> WORK INSTRUCTIONS: Set down each record that follows exactly. Drop the images.

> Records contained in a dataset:
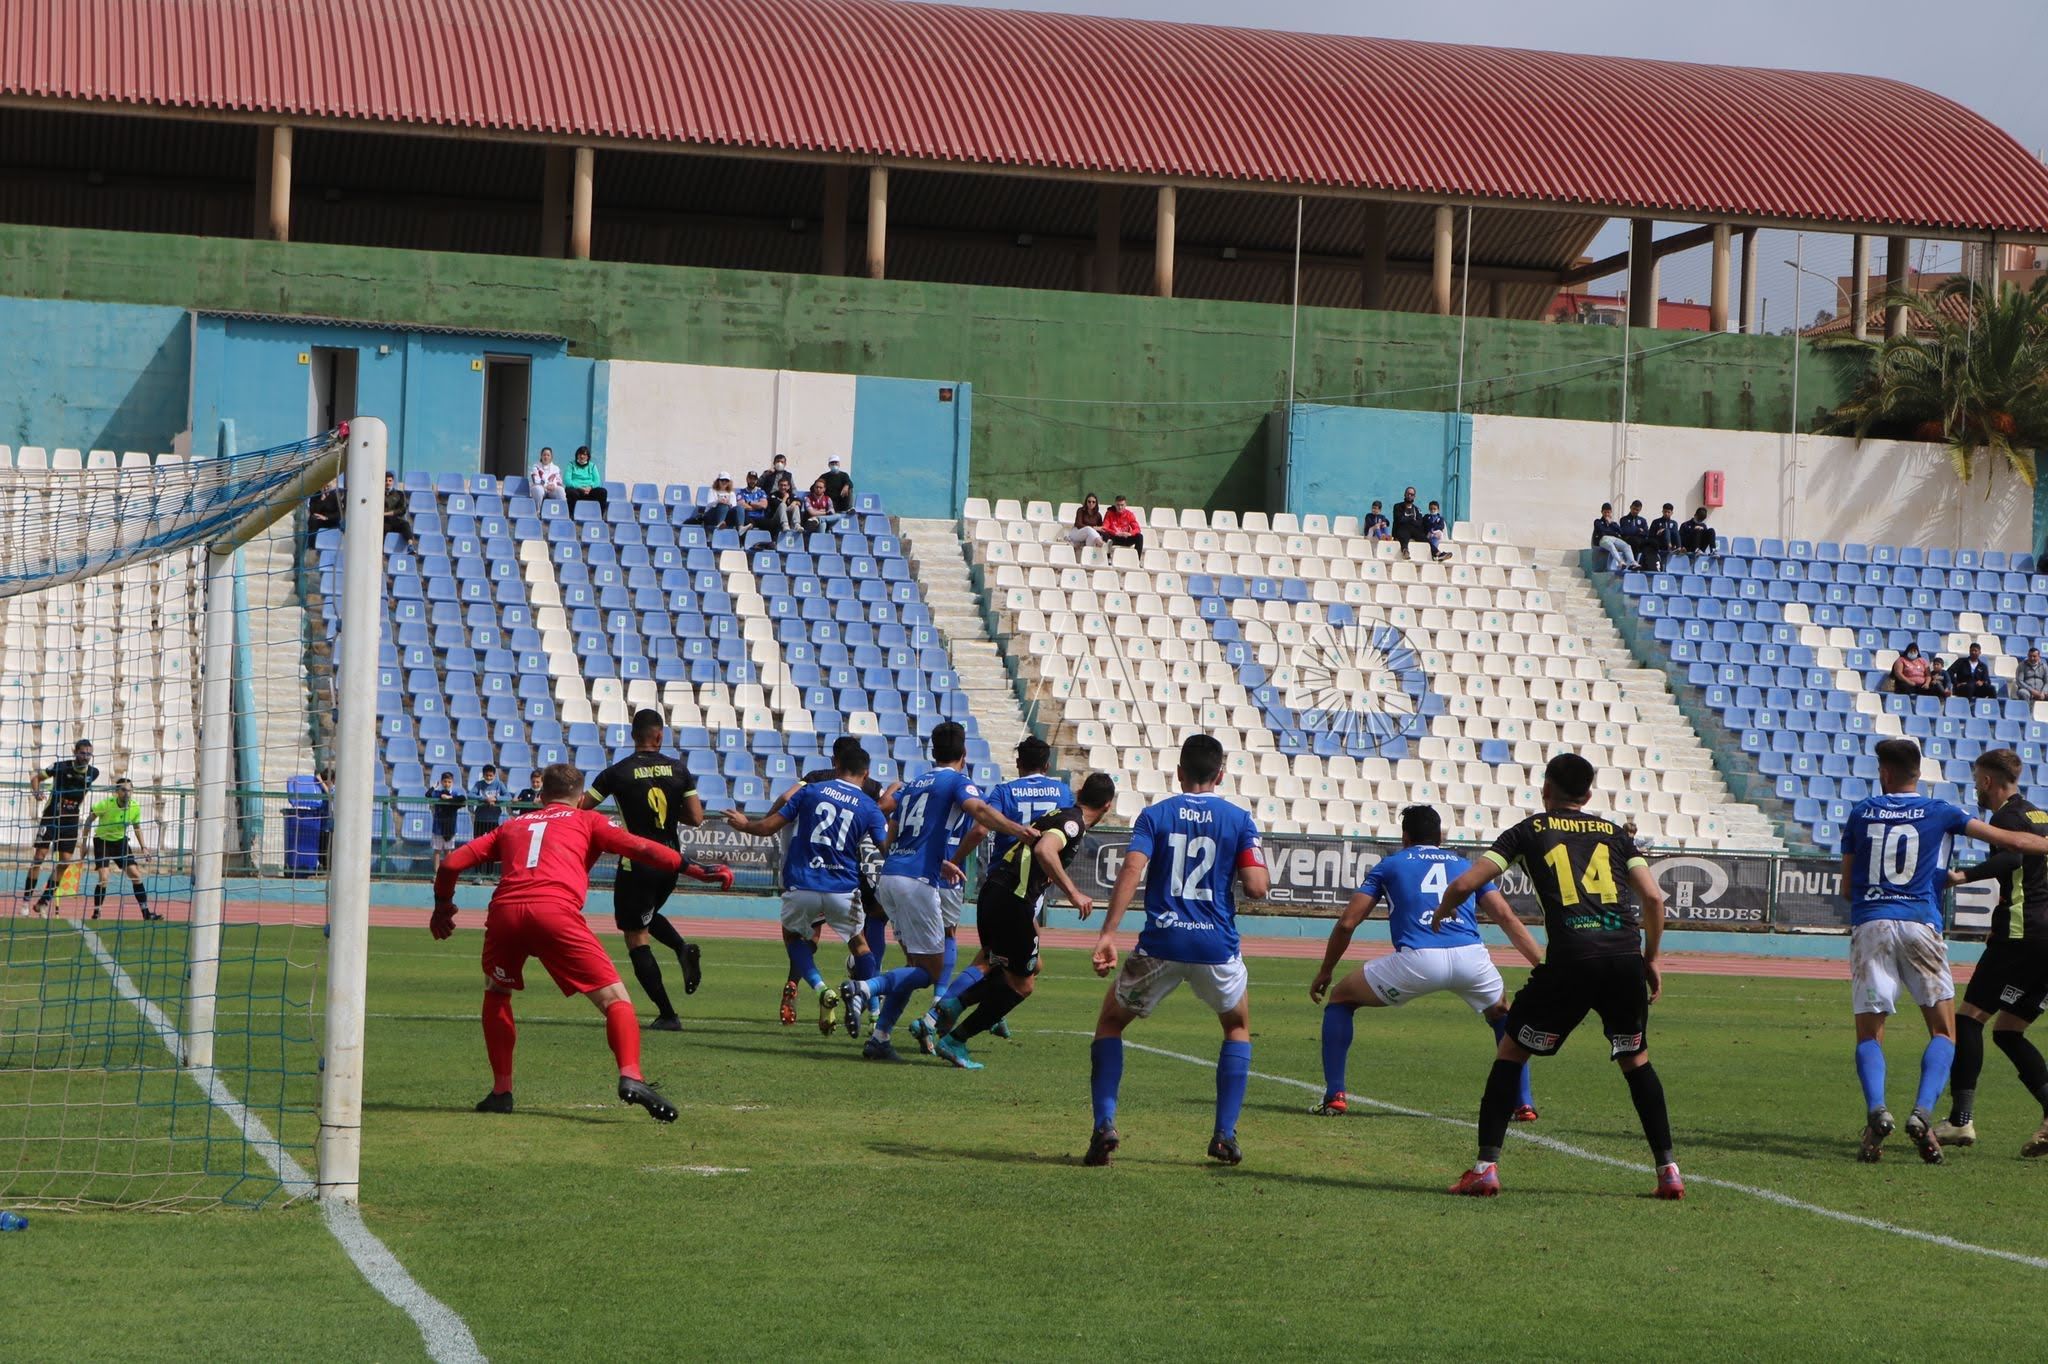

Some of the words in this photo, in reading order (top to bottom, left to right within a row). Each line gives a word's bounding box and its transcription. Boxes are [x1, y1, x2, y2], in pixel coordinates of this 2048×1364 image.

[647, 787, 667, 829] 9
[821, 787, 850, 803] JORDAN
[851, 796, 859, 806] H.
[1011, 786, 1061, 797] CHABBOURA
[810, 801, 855, 851] 21
[898, 792, 930, 837] 14
[1179, 807, 1213, 824] BORJA
[1533, 819, 1546, 832] S.
[1548, 816, 1614, 835] MONTERO
[526, 821, 548, 868] 1
[697, 849, 767, 863] ESPAÑOLA
[1867, 823, 1920, 886] 10
[1168, 832, 1217, 902] 12
[1420, 862, 1448, 904] 4
[1543, 842, 1618, 906] 14
[1173, 920, 1215, 931] serglobin
[1688, 906, 1762, 920] REDES

> TASK RESPONSE:
Some of the words in this photo, in reading order (top to bottom, left to right within a row). Each line gives a word's bounding box and its transcription. Boxes are [x1, y1, x2, y2], in pixel coordinates of this 2048×1364 image.

[647, 787, 667, 829] 9
[821, 787, 850, 803] JORDAN
[851, 796, 859, 806] H.
[1011, 786, 1061, 797] CHABBOURA
[810, 801, 855, 851] 21
[898, 792, 930, 837] 14
[1179, 807, 1213, 824] BORJA
[1533, 819, 1546, 832] S.
[1548, 816, 1614, 835] MONTERO
[526, 821, 548, 868] 1
[697, 849, 767, 863] ESPAÑOLA
[1867, 823, 1920, 886] 10
[1168, 832, 1217, 902] 12
[1420, 862, 1448, 904] 4
[1543, 842, 1618, 906] 14
[1173, 920, 1215, 931] serglobin
[1688, 906, 1762, 920] REDES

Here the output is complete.